Curve Founder: DeFi Needs Real Revenue Over Token Emissions

Michael Egorov, the founder of decentralized exchange Curve, argues that the DeFi sector must transition from relying on token emissions to generating genuine revenue streams to ensure long-term sustainability and attract lasting liquidity.

·2 min read
Curve Founder: DeFi Needs Real Revenue Over Token Emissions

Curve founder Michael Egorov has stated that decentralized finance (DeFi) protocols can no longer depend solely on token incentives to attract and retain liquidity.

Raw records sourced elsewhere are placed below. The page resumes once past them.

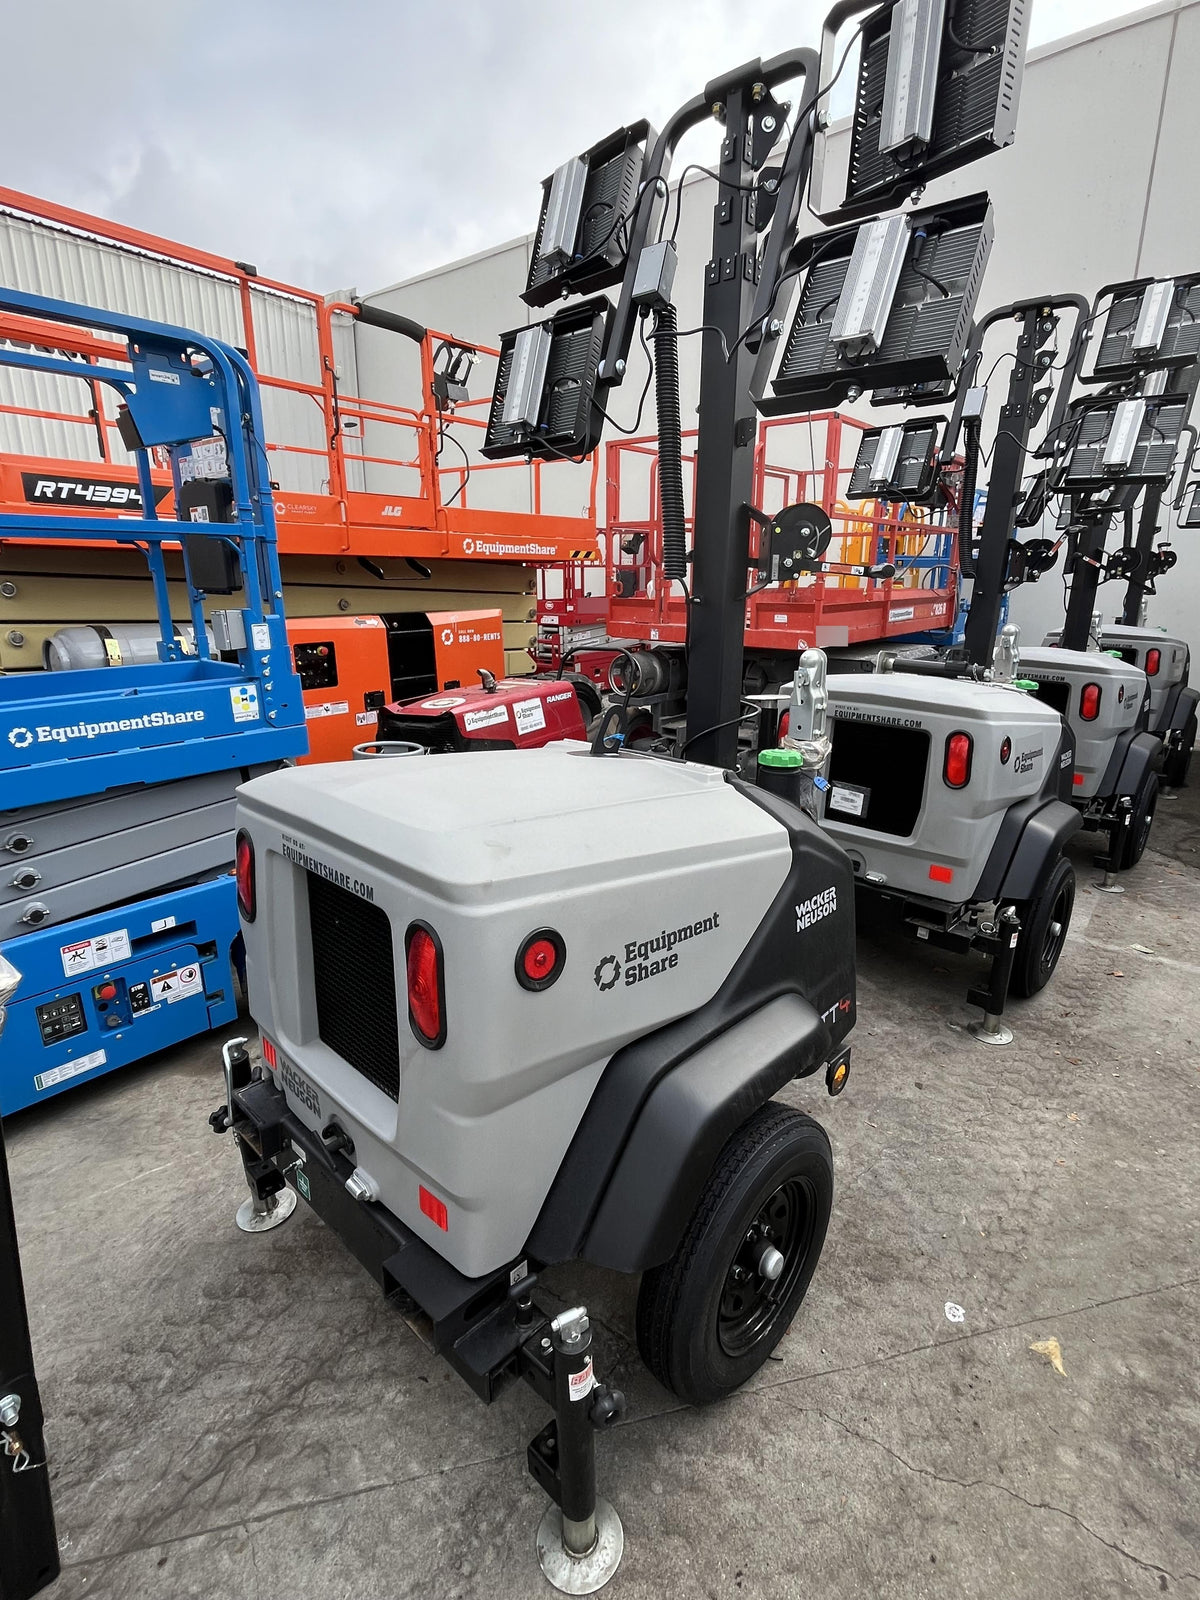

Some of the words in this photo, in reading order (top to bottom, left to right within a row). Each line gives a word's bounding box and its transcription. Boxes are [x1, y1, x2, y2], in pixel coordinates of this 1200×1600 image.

[34, 480, 142, 504] RT4394
[381, 505, 403, 517] JLG
[475, 540, 557, 556] EquipmentShare
[547, 692, 573, 703] RANGER
[36, 710, 205, 743] EquipmentShare
[834, 709, 923, 728] EQUIPMENTSHARE.COM
[282, 843, 375, 902] EQUIPMENTSHARE.COM
[794, 886, 837, 918] WACKER
[796, 898, 837, 933] NEUSON
[624, 911, 720, 964] Equipment
[624, 953, 679, 987] Share
[280, 1055, 320, 1107] WACKER
[281, 1070, 322, 1120] NEUSON

He emphasizes that the effectiveness of token emissions as a primary growth driver is diminishing, necessitating a fundamental shift in how DeFi platforms generate value.

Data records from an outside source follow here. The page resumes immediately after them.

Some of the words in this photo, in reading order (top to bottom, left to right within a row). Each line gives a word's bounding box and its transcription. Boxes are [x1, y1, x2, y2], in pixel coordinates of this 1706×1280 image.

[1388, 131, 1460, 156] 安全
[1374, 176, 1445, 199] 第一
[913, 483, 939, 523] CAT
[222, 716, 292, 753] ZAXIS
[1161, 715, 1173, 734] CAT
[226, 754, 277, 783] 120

Egorov articulated that the future viability of DeFi hinges on its ability to establish and sustain 'real revenues.' This suggests a move towards business models that create tangible economic value, rather than relying on speculative or inflationary tokenomics to bootstrap liquidity and reward participants.

The core of Egorov's argument points to a maturation phase for the DeFi industry. As the ecosystem evolves, the reliance on continuous token issuance as a substitute for actual economic activity becomes increasingly unsustainable. Protocols must demonstrate their ability to generate profit and utility that extends beyond the immediate incentives offered by their native tokens.

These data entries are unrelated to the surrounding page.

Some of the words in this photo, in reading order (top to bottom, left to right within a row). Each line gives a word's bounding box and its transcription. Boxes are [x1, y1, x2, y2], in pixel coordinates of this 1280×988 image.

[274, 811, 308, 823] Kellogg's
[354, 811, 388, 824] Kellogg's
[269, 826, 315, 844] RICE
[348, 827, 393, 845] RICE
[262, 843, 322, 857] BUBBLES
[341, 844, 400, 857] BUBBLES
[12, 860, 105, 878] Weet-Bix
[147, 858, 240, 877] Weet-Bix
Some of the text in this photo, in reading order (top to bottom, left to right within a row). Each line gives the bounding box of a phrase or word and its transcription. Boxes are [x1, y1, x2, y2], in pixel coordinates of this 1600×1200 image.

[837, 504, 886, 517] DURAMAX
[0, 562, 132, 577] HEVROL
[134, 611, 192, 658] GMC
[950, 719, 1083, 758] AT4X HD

This perspective signals a critical juncture for DeFi. The potential shift away from token emissions towards revenue generation could reshape incentive structures, attract different types of investors, and lead to more robust and enduring decentralized financial applications. It underscores the importance of building fundamentally sound economic models within the Web3 space, ensuring that protocols can operate profitably and deliver real-world value.

Originally reported by CoinTelegraph.